Thomas supported Level 42 on their Autumn 2006 tour of the UK. July 2006 also saw the release of a new studio album called Crazy World. In 2010, Thomas completed three years of study graduating with a Bachelor of Science degree in Acupuncture & Oriental Medicine and is now a qualified practitioner. He released a new album, Breathe, in September 2011. Producers on the album include the UK-based Mark Jaimes & Danny Saxon, 5AM, Sir Piers and the Drizabone Soul Family.

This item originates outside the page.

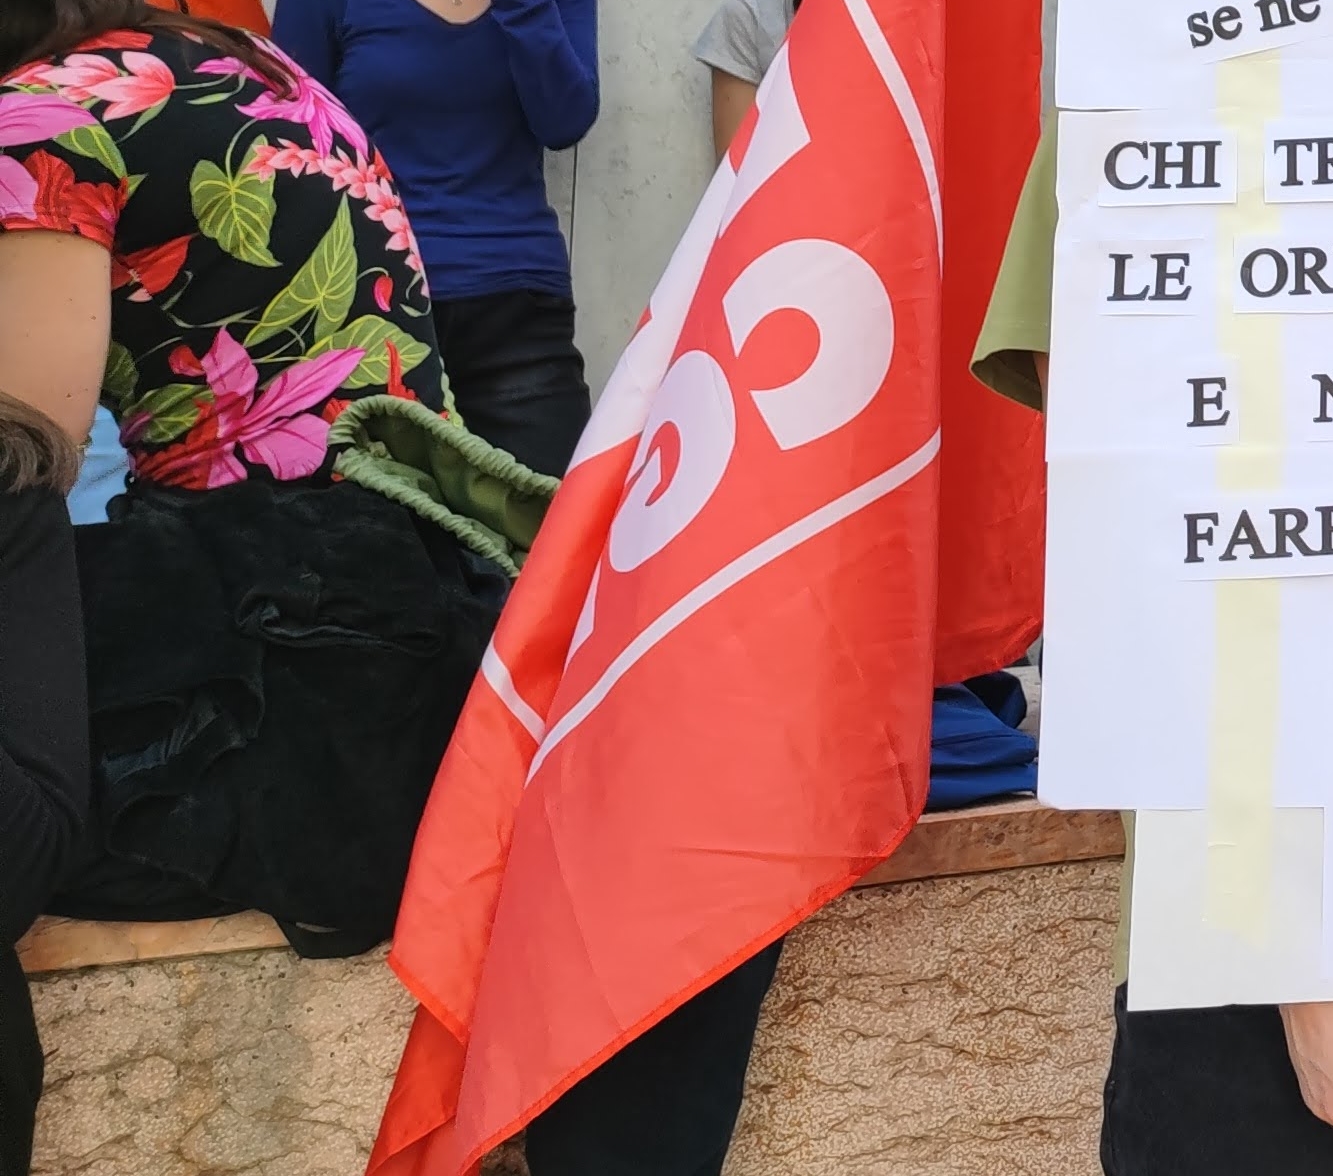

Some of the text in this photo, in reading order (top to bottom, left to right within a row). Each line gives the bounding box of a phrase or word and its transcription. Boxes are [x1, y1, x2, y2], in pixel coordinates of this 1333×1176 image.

[1188, 6, 1242, 48] se
[1105, 141, 1221, 190] CHI
[1107, 253, 1191, 301] LE
[1187, 377, 1229, 427] E

Thomas's album and project in 2013 The Thomas Brown Affair, was a collaboration with hit songwriter, producer and jazz pianist Wayne Brown who has worked with a diverse array of international artists. The album is a collection of classic songs "performed in their own personal and unique style".

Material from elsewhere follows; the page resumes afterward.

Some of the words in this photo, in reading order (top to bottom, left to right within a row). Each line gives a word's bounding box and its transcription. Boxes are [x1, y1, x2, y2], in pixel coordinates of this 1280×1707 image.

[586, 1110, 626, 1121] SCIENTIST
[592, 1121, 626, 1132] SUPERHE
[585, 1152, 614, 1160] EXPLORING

In 2016, Thomas became the lead singer of the band Living in a Box after they reformed, replacing Richard Darbyshire.

Thomas released his latest album Unstoppable in 2025, produced by Opolopo and featuring the single Shout Out featuring Kim Wilde. The release of Unstoppable will be followed by The Unstoppable Tour: The Very Best of Kenny Thomas in 2026, marking the 35th anniversary of his debut album Voices.

==Discography==
===Albums===

| Year | Album details | UK | AUS | Certifications |
| 1991 | Voices Label: Cooltempo, Chrysalis; Formats: LP, CD, cassette; | 3 | 133 | BPI: Platinum; |
| 1993 | Wait for Me Released: 13 September 1993; Label: Cooltempo, Chrysalis; Formats: LP, CD, cassette; | 10 | — | BPI: Gold; |
| 1999 | The Best Label: EMI Gold; Formats: CD; | — | — |  |
| 2001 | Greatest Hits Released: 8 January 2001; Formats: CD; | — | — |  |
| 2006 | Crazy World Released: 10 July 2006; Label: Curb Records; Formats: CD; | — | — |  |
| 2011 | Breathe Label: Solus; Formats: CD, digital download; | — | — |  |
| 2023 | The Best of Label: Chrysalis Records; Formats: CD, digital download; | — | — |  |
| 2024 | Remixed:The Best of Label: Chrysalis Records; Formats: CD, digital download; | — | — |  |
| 2024 | HIM Label: Chrysalis Records; Formats: CD, digital download; | — | — |  |
| 2025 | Unstoppable Label: 777 Records/Kartel; Formats: CD, digital download; | — | — |  |
"—" denotes releases that did not chart or were not released.

===Singles===

Year: Single; Peak chart positions; Album
UK: AUS; IRE; NED; FRA; GER; SWE; NZ
1988: "I Wanna Make Love to You Baby"; —; —; —; —; —; —; —; —; Non-album single
1990: "Outstanding"; 79; —; —; —; —; —; —; —; Voices
1991: "Outstanding" (reissue); 12; —; —; —; —; —; —; 7
"Thinking About Your Love": 4; 125; —; —; —; 50; 22; —
"Best of You": 11; 197; 27; 87; 23; 66; —; 31
"Tender Love": 26; —; —; —; —; —; —; —
1993: "Stay"; 22; —; —; —; —; —; —; —; Wait for Me
"Trippin' on Your Love": 17; —; —; —; —; 100; —; —
"Piece by Piece": 36; —; —; —; —; —; —; —
1994: "Destiny"; 59; —; —; —; —; —; —; —
1995: "When I Think of You"; 27; —; —; —; —; —; —; —; HIM
2006: "Crazy World"; —; —; —; —; —; —; —; —; Crazy World
2011: "The Show Is Over"; —; —; —; —; —; —; —; —; Breathe
2025: "Shout Out" (with Kim Wilde); —; —; —; —; —; —; —; —; Unstoppable
"—" denotes releases that did not chart or were not released.